So, the "returns" trait is not part of a function's long name, but
it can still be matched against (and instantiated)?

Hrm, is it specific to the "returns" trait, or we can match against
any traits at all?

sub foo ($thingy does Pet[::food]) { ... }

Also, S12 talks about "is context":

method wag (*@args is context(Lazy)) { $:tail.wag(*@args) }

What is the type of "Lazy" here? Also, is "context" a role or a class?
If it is a class, how does it parameterize over "Lazy" ?

> : # Single colon as tuple composer?
> : my $Triple ::= :(Bool, Int, Str);
> : my $TripleTuple ::= :($Triple, $Triple);
> : my &pair_with_int ::= -> Type ::t { :(::t, Int) };
>
> I think of it as the signature composer. Does Haskell call them
> tuples? That word tends to mean any immutable list in other circles,
> though I suppose :(4, 2, "foo") could be construed as a type whose
> values are constrained to single values.

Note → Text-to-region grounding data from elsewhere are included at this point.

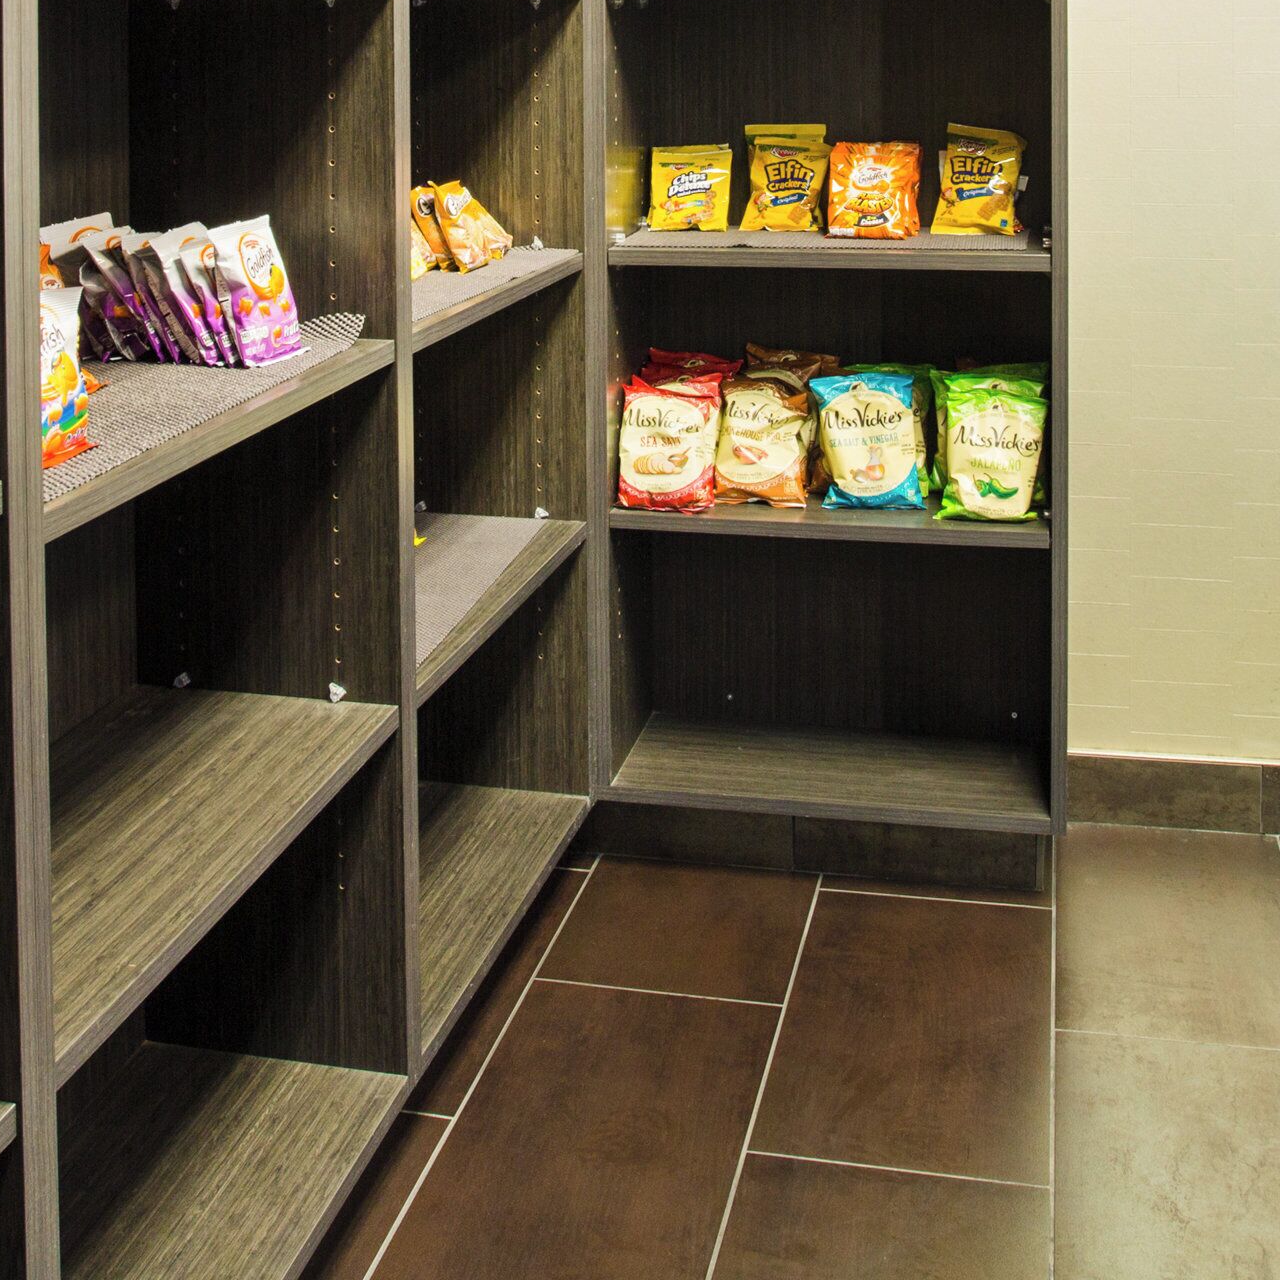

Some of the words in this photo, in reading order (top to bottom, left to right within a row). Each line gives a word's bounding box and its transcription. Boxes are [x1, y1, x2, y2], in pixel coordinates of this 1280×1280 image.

[765, 160, 813, 182] Elfin
[953, 157, 1001, 174] Elfin
[672, 171, 706, 185] Chips
[767, 179, 810, 192] Crackers
[951, 173, 993, 183] Cracker
[624, 407, 657, 428] Miss
[823, 410, 858, 431] Miss
[854, 402, 903, 430] Vickie's
[640, 435, 658, 447] SEA
[829, 438, 842, 449] SEA
[869, 432, 899, 445] VINEGAR
[953, 425, 992, 448] Miss
[991, 425, 1041, 457] Vickie's

Err, sorry, I meant "tuple type composer". In haskell:

-- Value -- -- Type --
(True, 1, "Hello") :: (Bool, Int, Str)

This was because I couldn't think of other operators other than ","
to operate on types inside :(). Come to think of it, there are lots
of other things possible:

my $SomeType ::= :((rand > 0.5) ?? Bool :: Int);

Also, is it correct that (4, 2) can be typed as both a :(Eager) list and a
:(Any, Any) tuple? Is it generally the case that we can freely typecast
unbounded list of values from (and to) bounded ones?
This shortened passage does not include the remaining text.